[Spatial localization data]
=== Begin Enclosure ===

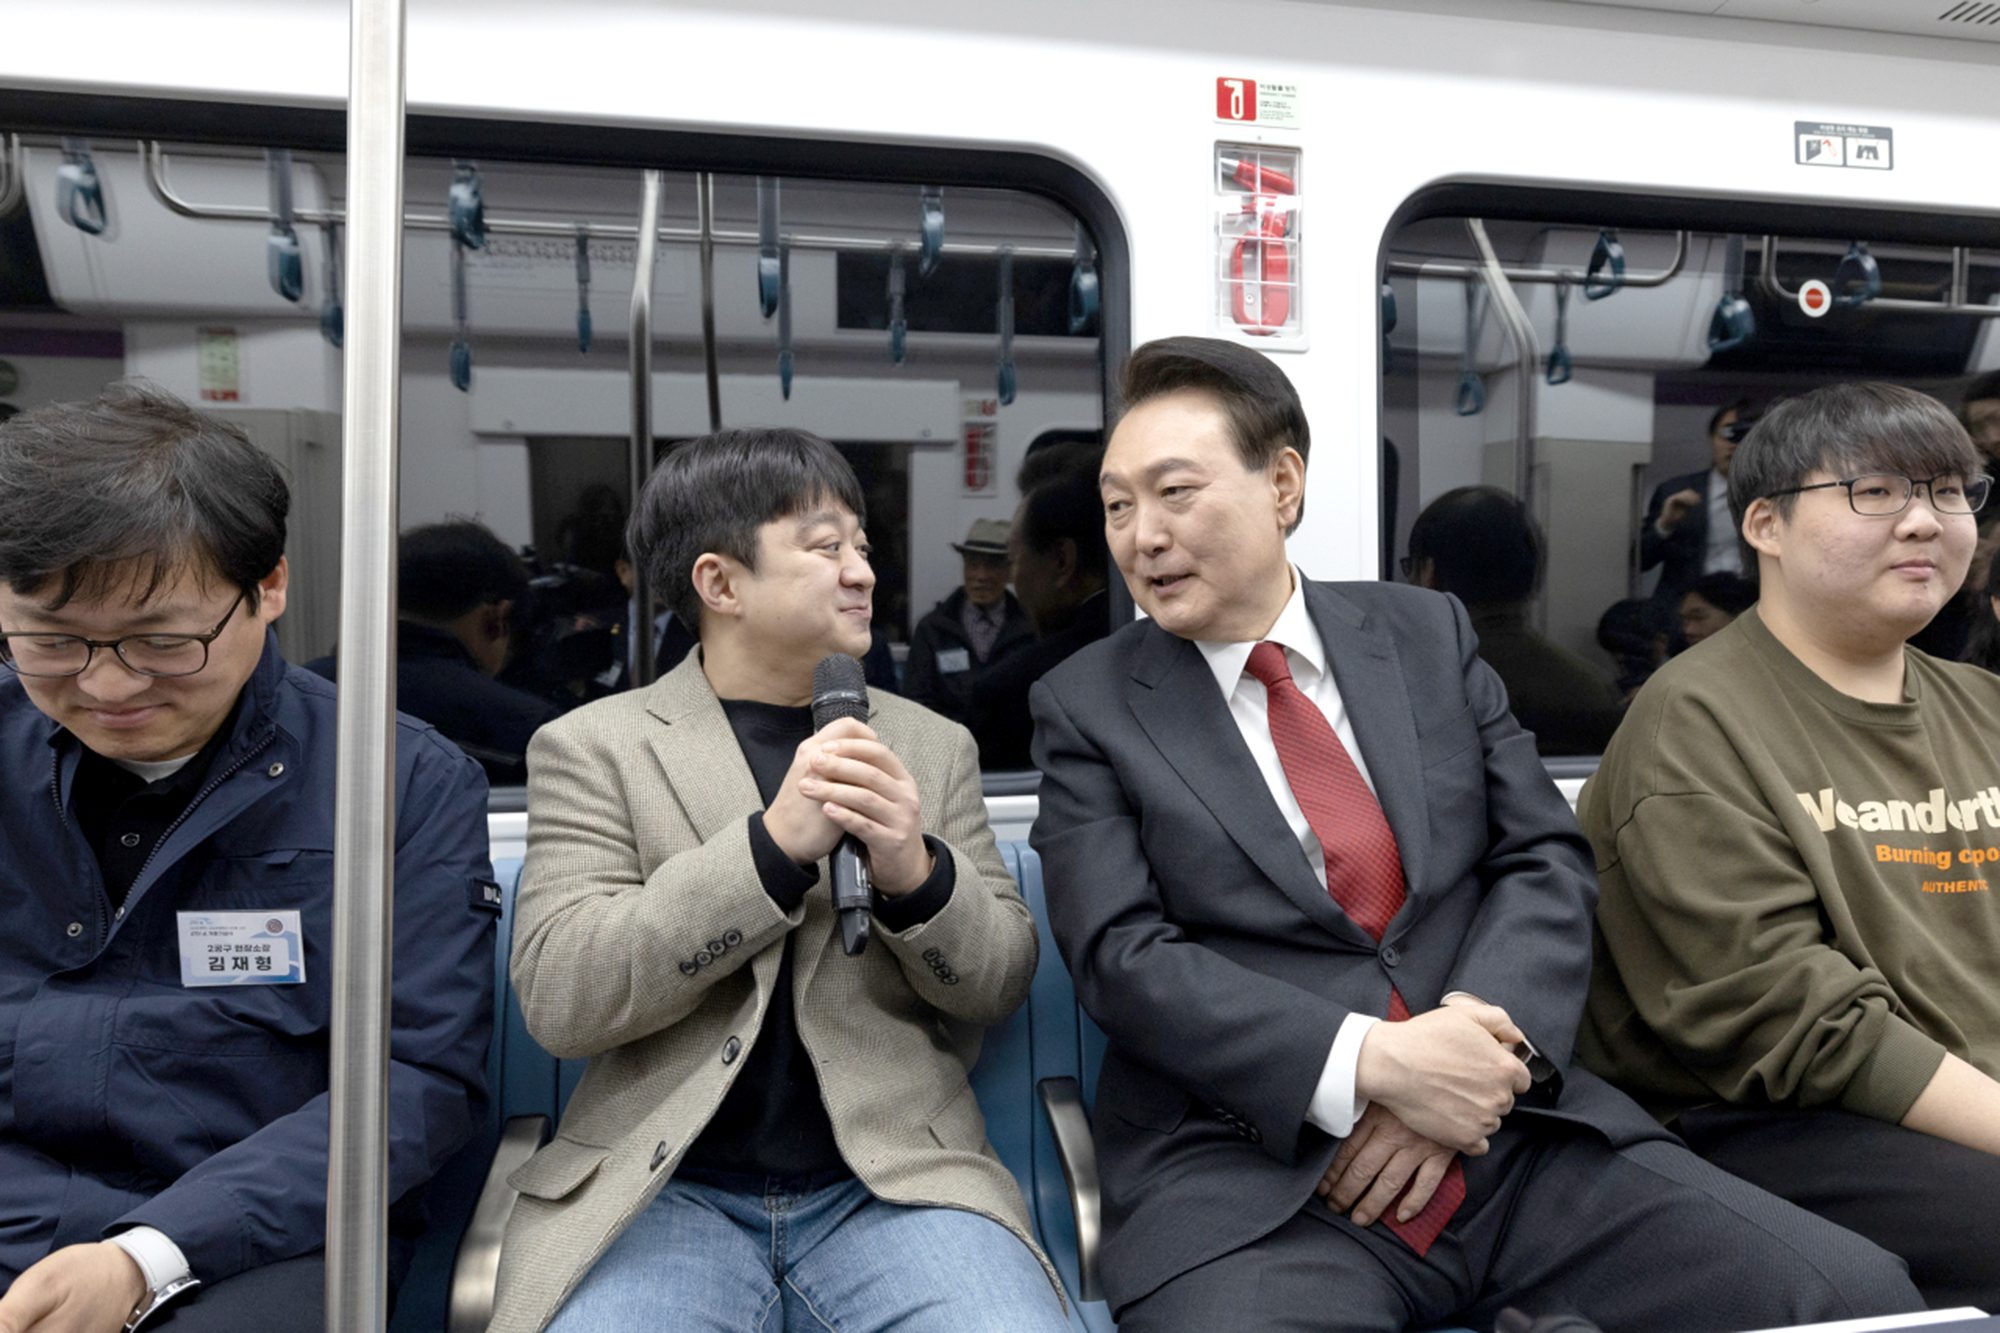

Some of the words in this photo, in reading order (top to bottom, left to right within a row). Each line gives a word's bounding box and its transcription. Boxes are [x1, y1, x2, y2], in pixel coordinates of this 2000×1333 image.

[1875, 844, 1952, 870] Burning
[1957, 846, 2000, 868] cpo
[207, 944, 233, 953] 2공구
[234, 944, 272, 953] 현장소장

=== End Enclosure ===

What you have to do: Copy all the entries word for word. Omit any pictures.

Output below:
Some of the words in this photo, in reading order (top to bottom, left to right within a row). Each line gives a word's bounding box and its transcription. Boxes are [x1, y1, x2, y2], in pixel coordinates of this 2000×1333 image.

[1875, 844, 1952, 870] Burning
[1957, 846, 2000, 868] cpo
[207, 944, 233, 953] 2공구
[234, 944, 272, 953] 현장소장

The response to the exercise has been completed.